Weight gain and eating behaviour are complex multifactorial issues and not just a simple case of eat less, move more. Some people find it easy to lose weight, while others battle to lose weight and keep it off.

We began our human journey millions of years ago and many of us have clung onto our those ancient 'thrifty genes' that mutated in order to protect the species from burning too much fuel until the next available meal was gathered. Genes also mutated so that humans could be protected and insulated from freezing temperatures. City folk certainly don't have to burn a huge number of calories pulling up to the 'drive-thru' window, nor by opening a bag of ready-prepped salad and a perfectly roasted chicken. Our food environment is constantly reminding us of how simple it is to eat.
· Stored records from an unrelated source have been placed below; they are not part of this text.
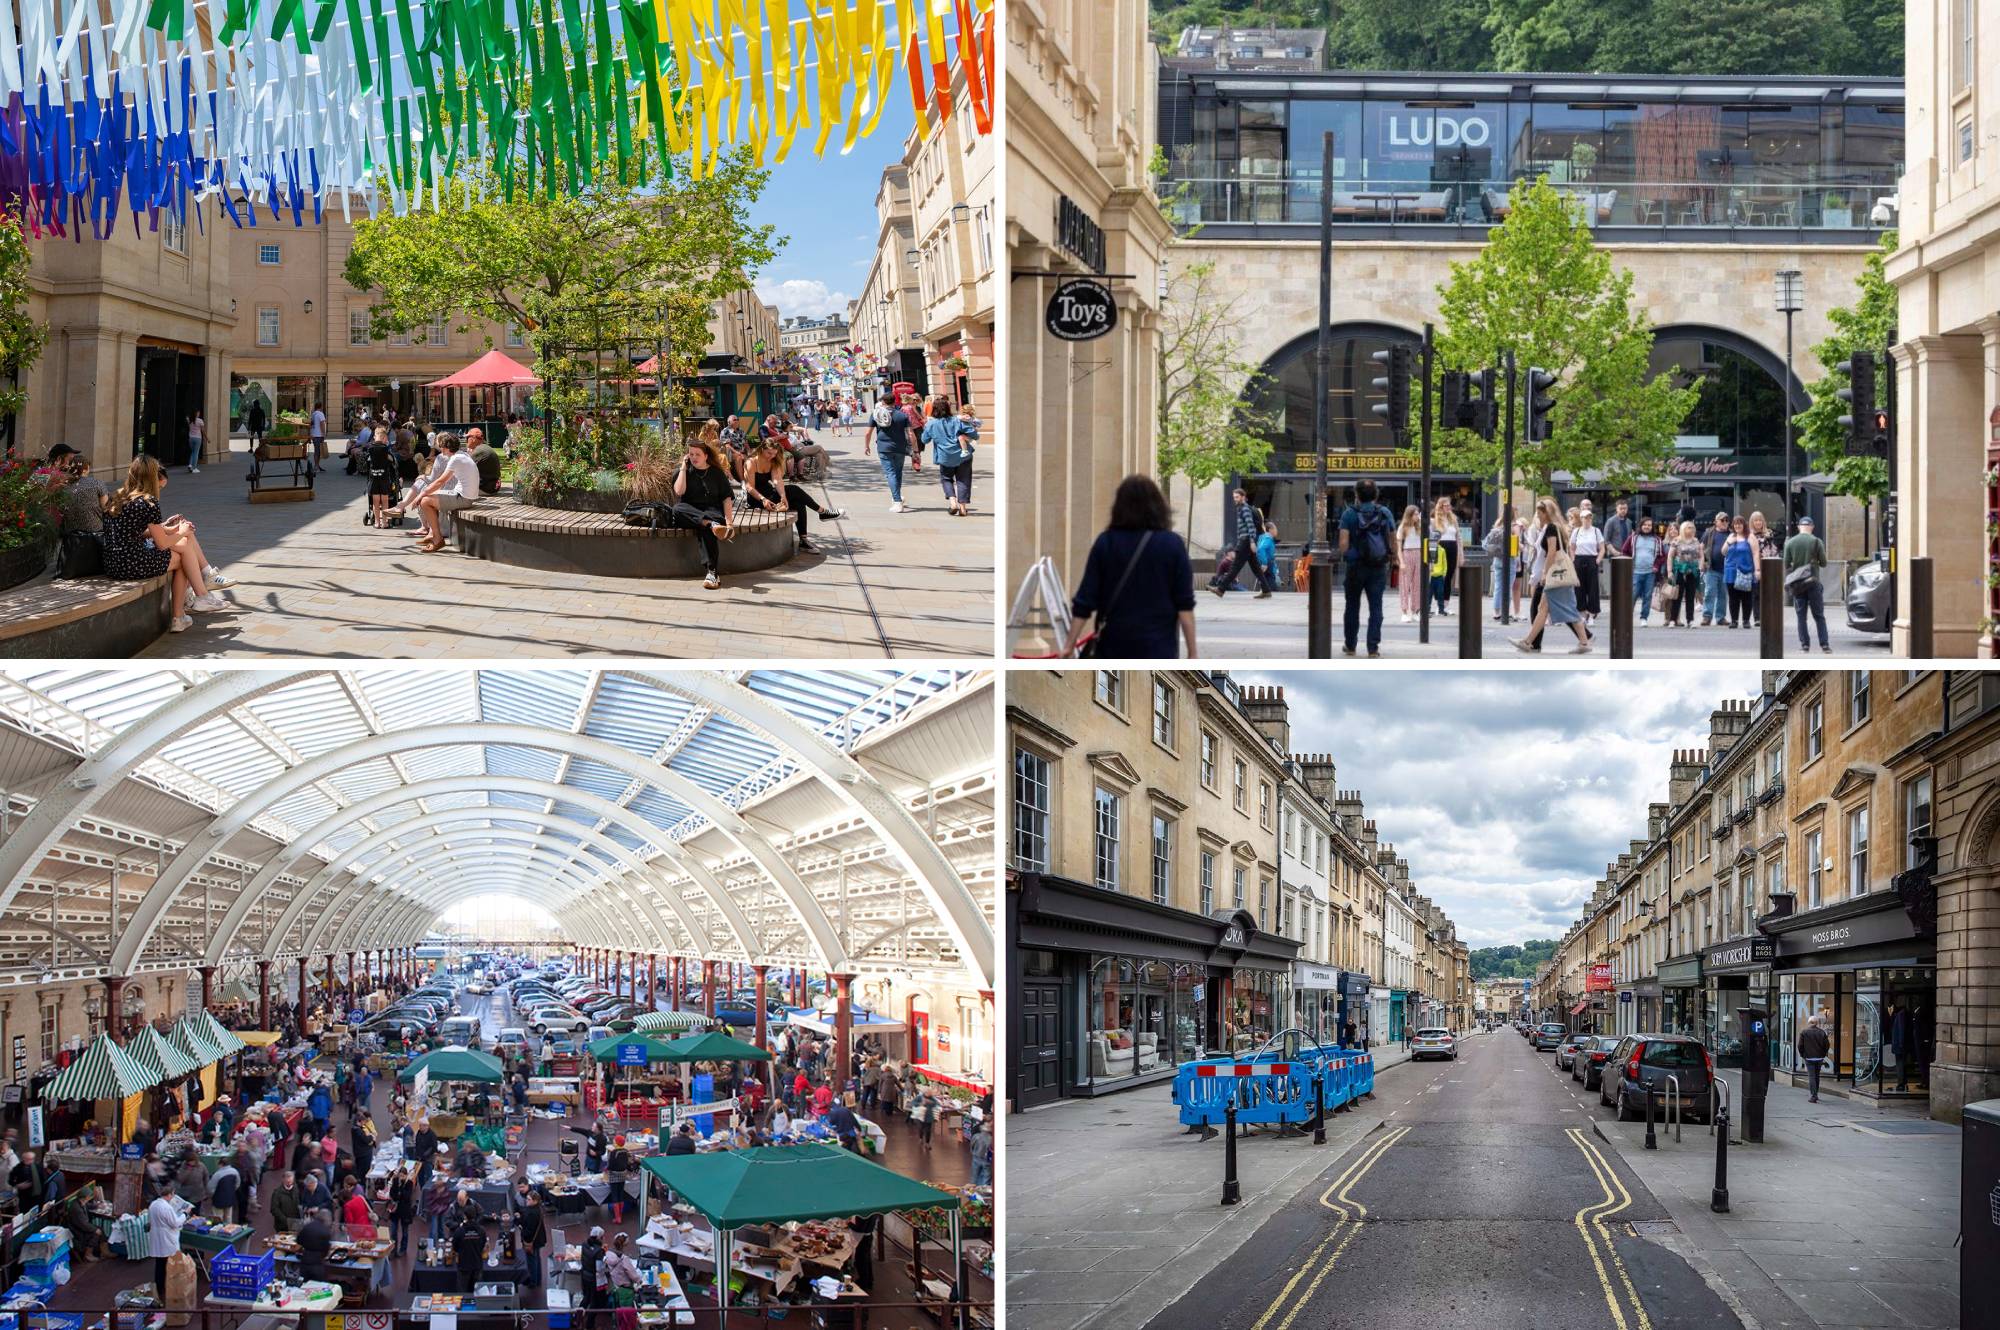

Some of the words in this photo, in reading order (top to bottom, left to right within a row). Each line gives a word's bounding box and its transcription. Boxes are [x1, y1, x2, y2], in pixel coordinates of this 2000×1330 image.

[1390, 116, 1490, 147] LUDO
[1057, 296, 1108, 327] Toys
[1296, 457, 1344, 468] GOUET
[1346, 457, 1386, 468] BURGER
[1389, 457, 1422, 468] KITCH
[1812, 931, 1830, 944] MOSS
[1830, 927, 1851, 941] BROS.
[1755, 1021, 1763, 1033] P
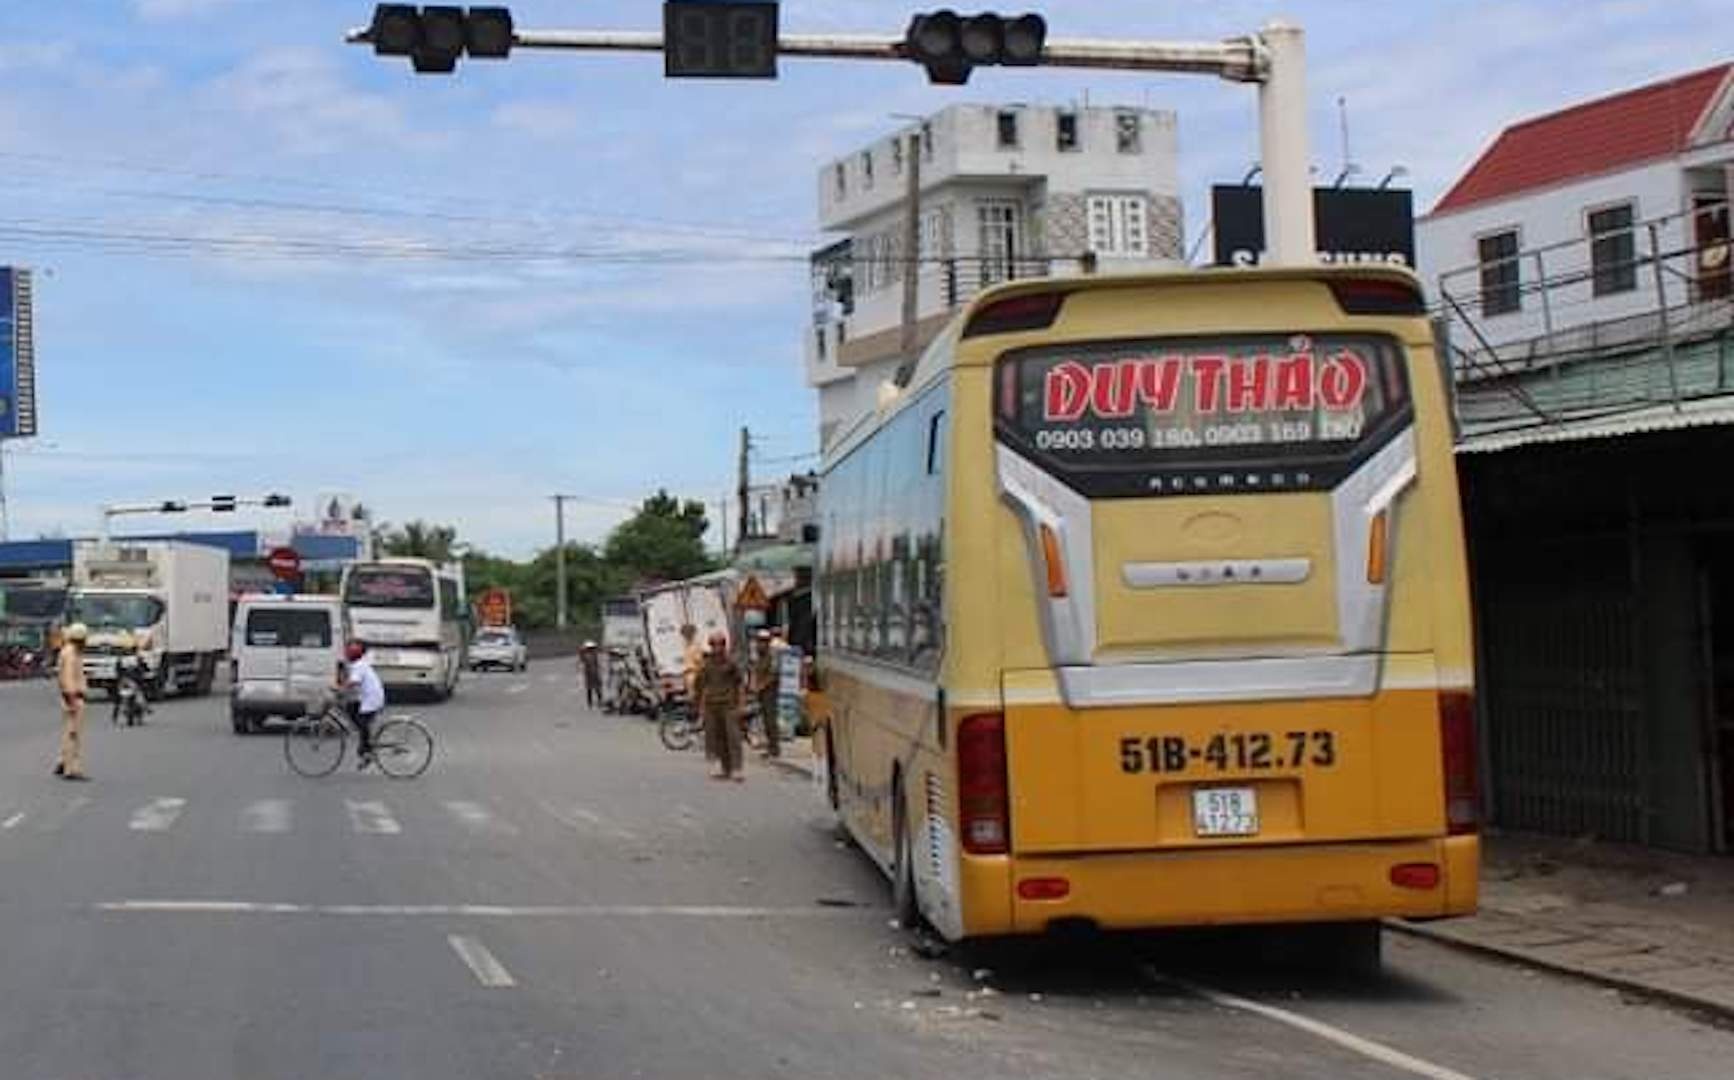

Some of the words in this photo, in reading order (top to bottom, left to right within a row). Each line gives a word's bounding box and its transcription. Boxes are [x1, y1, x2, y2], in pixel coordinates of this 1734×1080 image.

[1036, 428, 1095, 449] 0903
[1101, 427, 1146, 448] 039
[1120, 730, 1335, 774] 51B-412.73
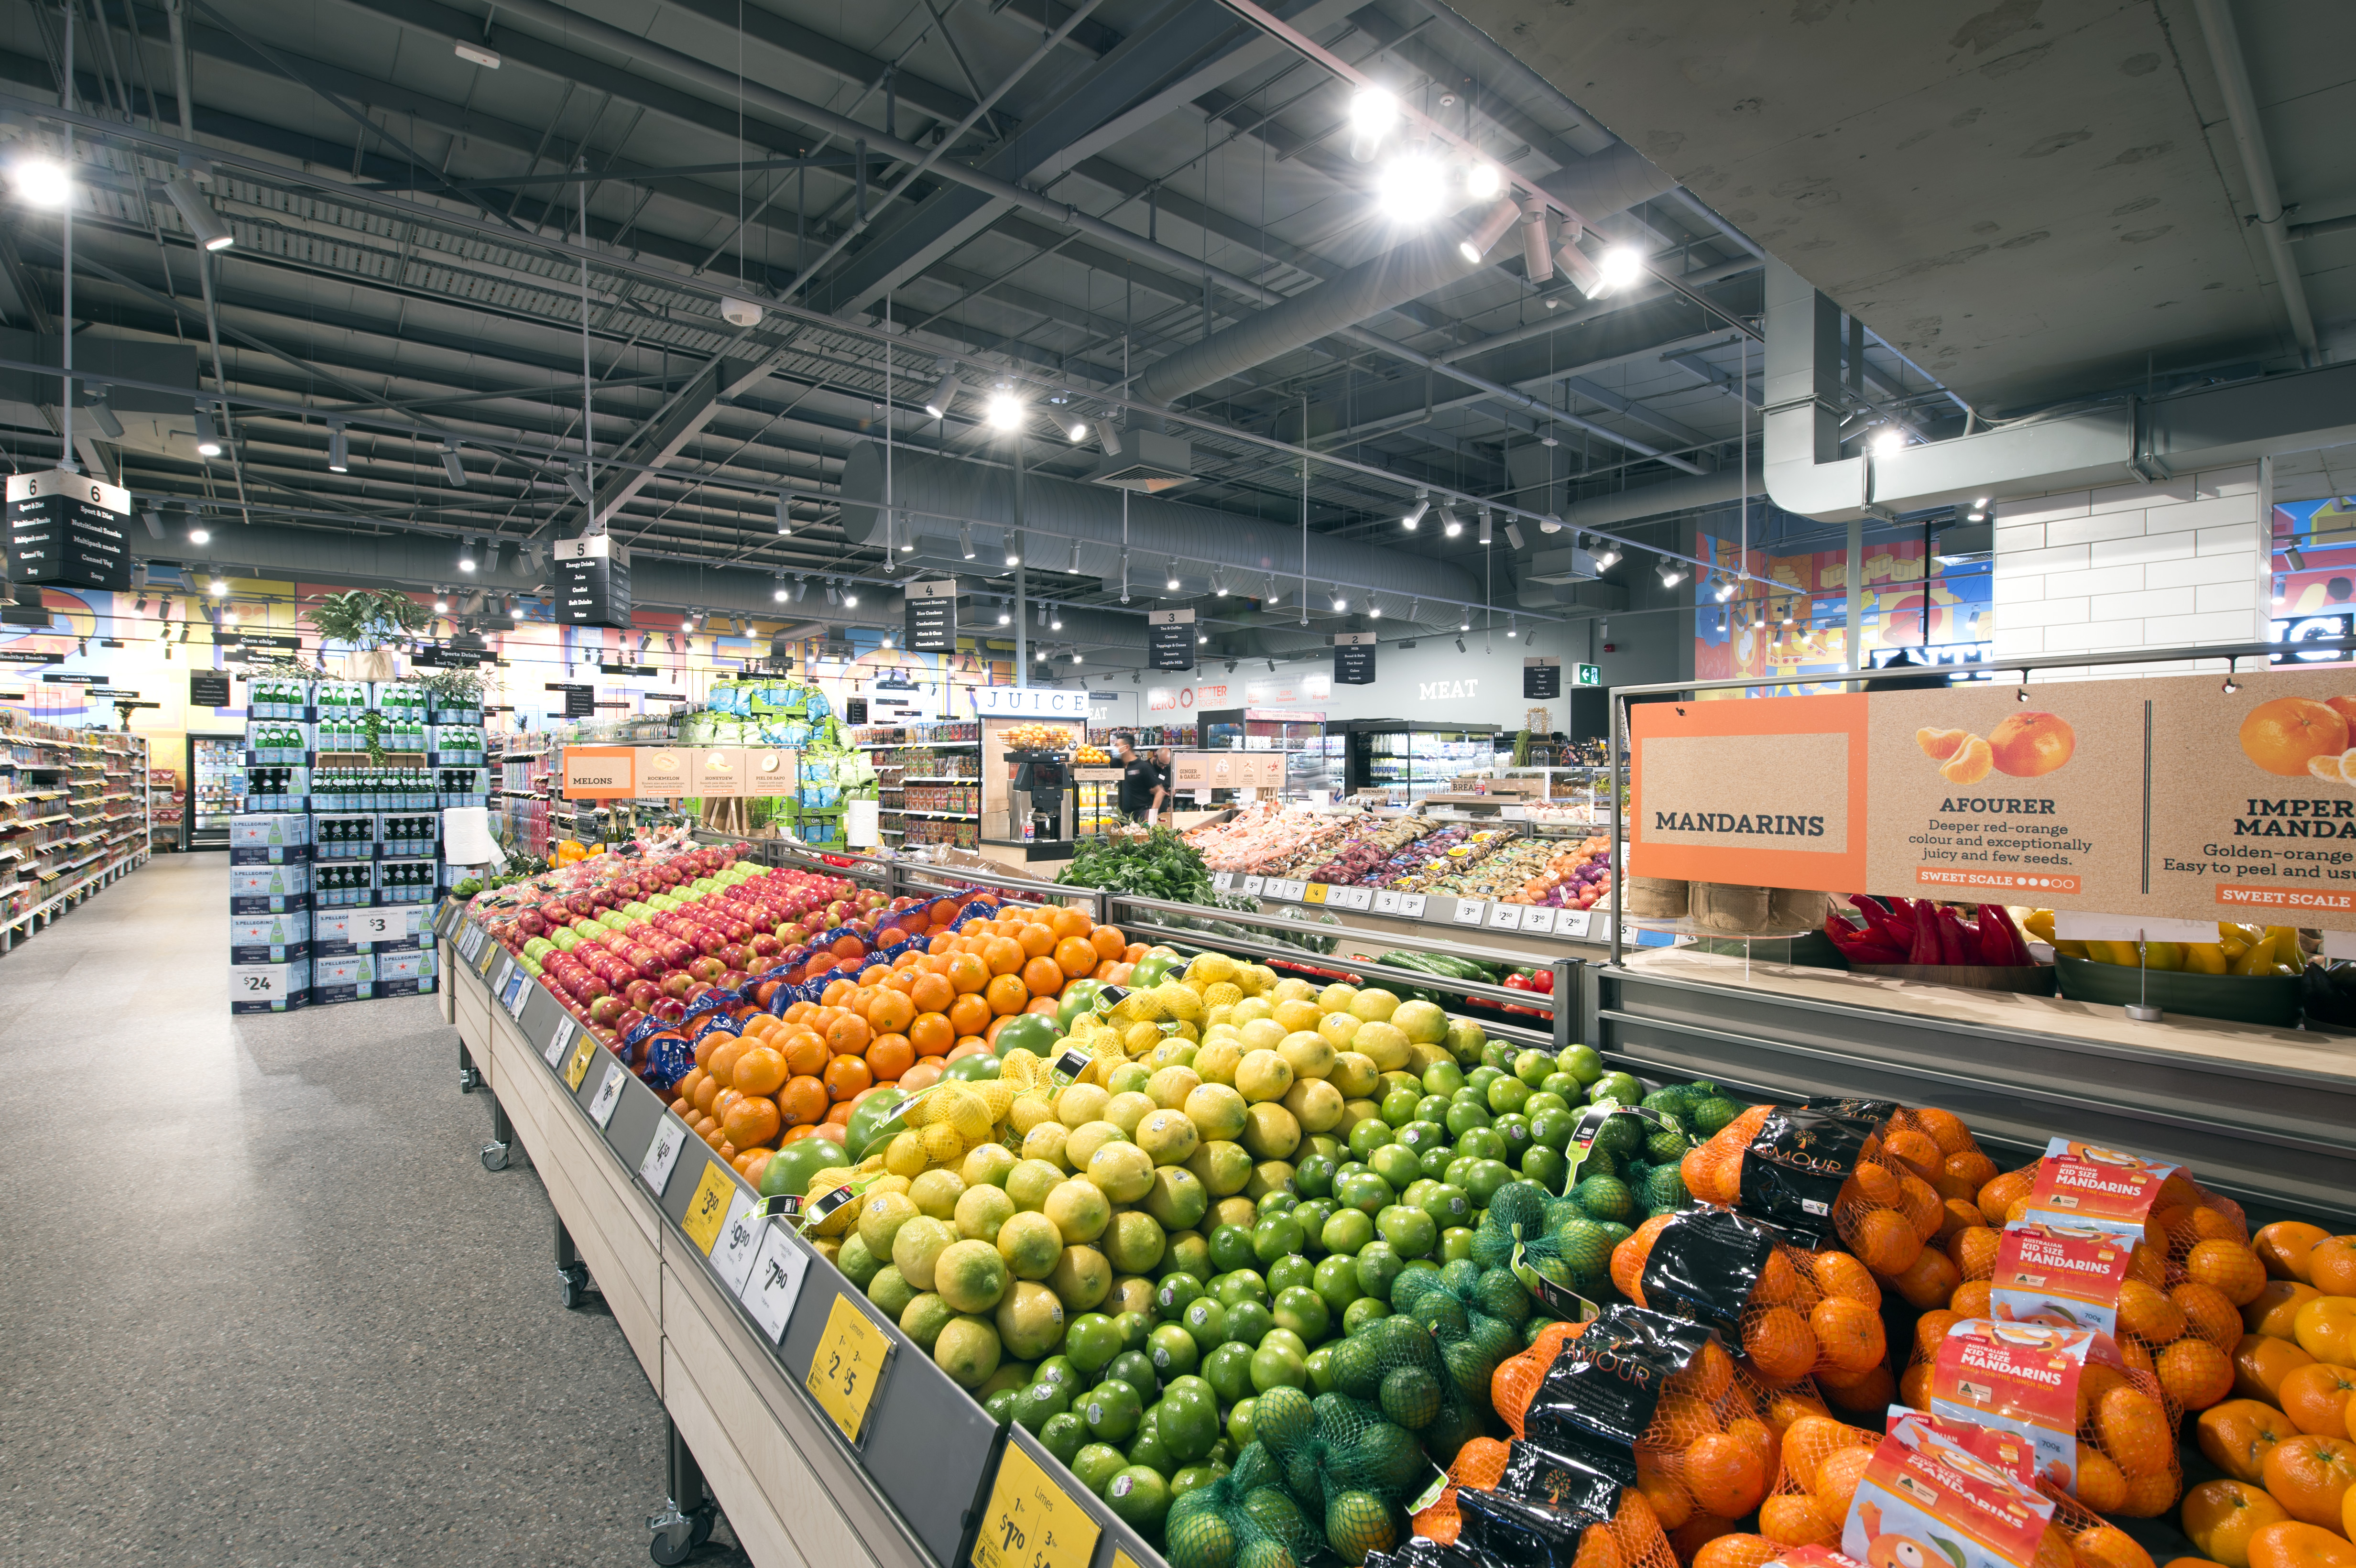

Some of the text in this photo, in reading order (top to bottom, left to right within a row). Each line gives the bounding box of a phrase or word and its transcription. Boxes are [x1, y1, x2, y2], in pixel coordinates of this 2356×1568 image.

Understanding the interaction between our genes, brain control and food environment is at the centre of this conflict, and weight gain or weight loss is not simply a matter of 'willpower'.

And yet, some people remain lean no matter what they eat and some battle the bulge constantly, even when they are not bingeing.

Our brains are wired to defend body weight. We can consciously control our choice about which diet to follow and ensure we get regular exercise, but our brains apply a subconscious strategy that is designed to defend our bodyweight as a survival and defence mechanism. The brain establishes a set point and that is what it sticks to.

Many of us have noticed that by going on a restricted diet, we lose weight, and after a nasty bout of stomach flu, the weight literally drops off. And then, little by little, over a period of 4- 24 months, that weight just creeps back up again.

This phenomenon was observed in rat studies back in the 1940's. Lab rats were left with a sufficient supply of food in their cages that kept the rats growing at a certain rate. When the rats were placed on a restricted diet, unsurprisingly, they lost weight. Once the amount of food was increased back to the pre-diet amount, the rats quickly returned to their original pre-diet weight.

The rats were then fed a diet that consisted of primarily of 'junk' food that was high in sugar and fat. The rats, got fat.

When their diet was altered back to the normal pre-binge, they lost the weight they had gained and went back to the weight they had started with before the highly palatable diet.

Humans tend to have a similar response.

Many people are emerging from the festive holiday season in January to discover that those clothes have not shrunk in the wash. Weight gain from over-eating and drinking the wrong foods produced the same results as the rat studies. Most people tend to lose that unwanted weight once their regular eating and exercise routine is back in place and just don't 'feel' that hungry.

What about those individuals who find that that 'holiday' weight does not shift so easily?

Lets get back to the brain. The brain releases hormones and other chemical messengers and we are not all the same neatly packaged clones.

Genetic differences also set us apart and 'one size' does not 'fit all'.

Some people have extremely efficient storage genes (back to the hunter-gatherer survival era) and this excess 'holiday' weight does not shrink back as expected but sticks around stubbornly gaining momentum as the years and celebrations go by.

This fat is called adipose tissue and adipose tissue is an active endocrine hormone that releases the hormone, leptin.

Leptin was discovered in 1994 (Zhang et al.) and obesity was shown to be not merely a lack of willpower. Leptin is often referred to as the hunger-hormone. Leptin, along with genes and other enzymes, is a regulator of food intake and body fat, as well as a regulator of the immune system and neuroendocrine system. Unfairly, women generally have higher levels of leptin than men.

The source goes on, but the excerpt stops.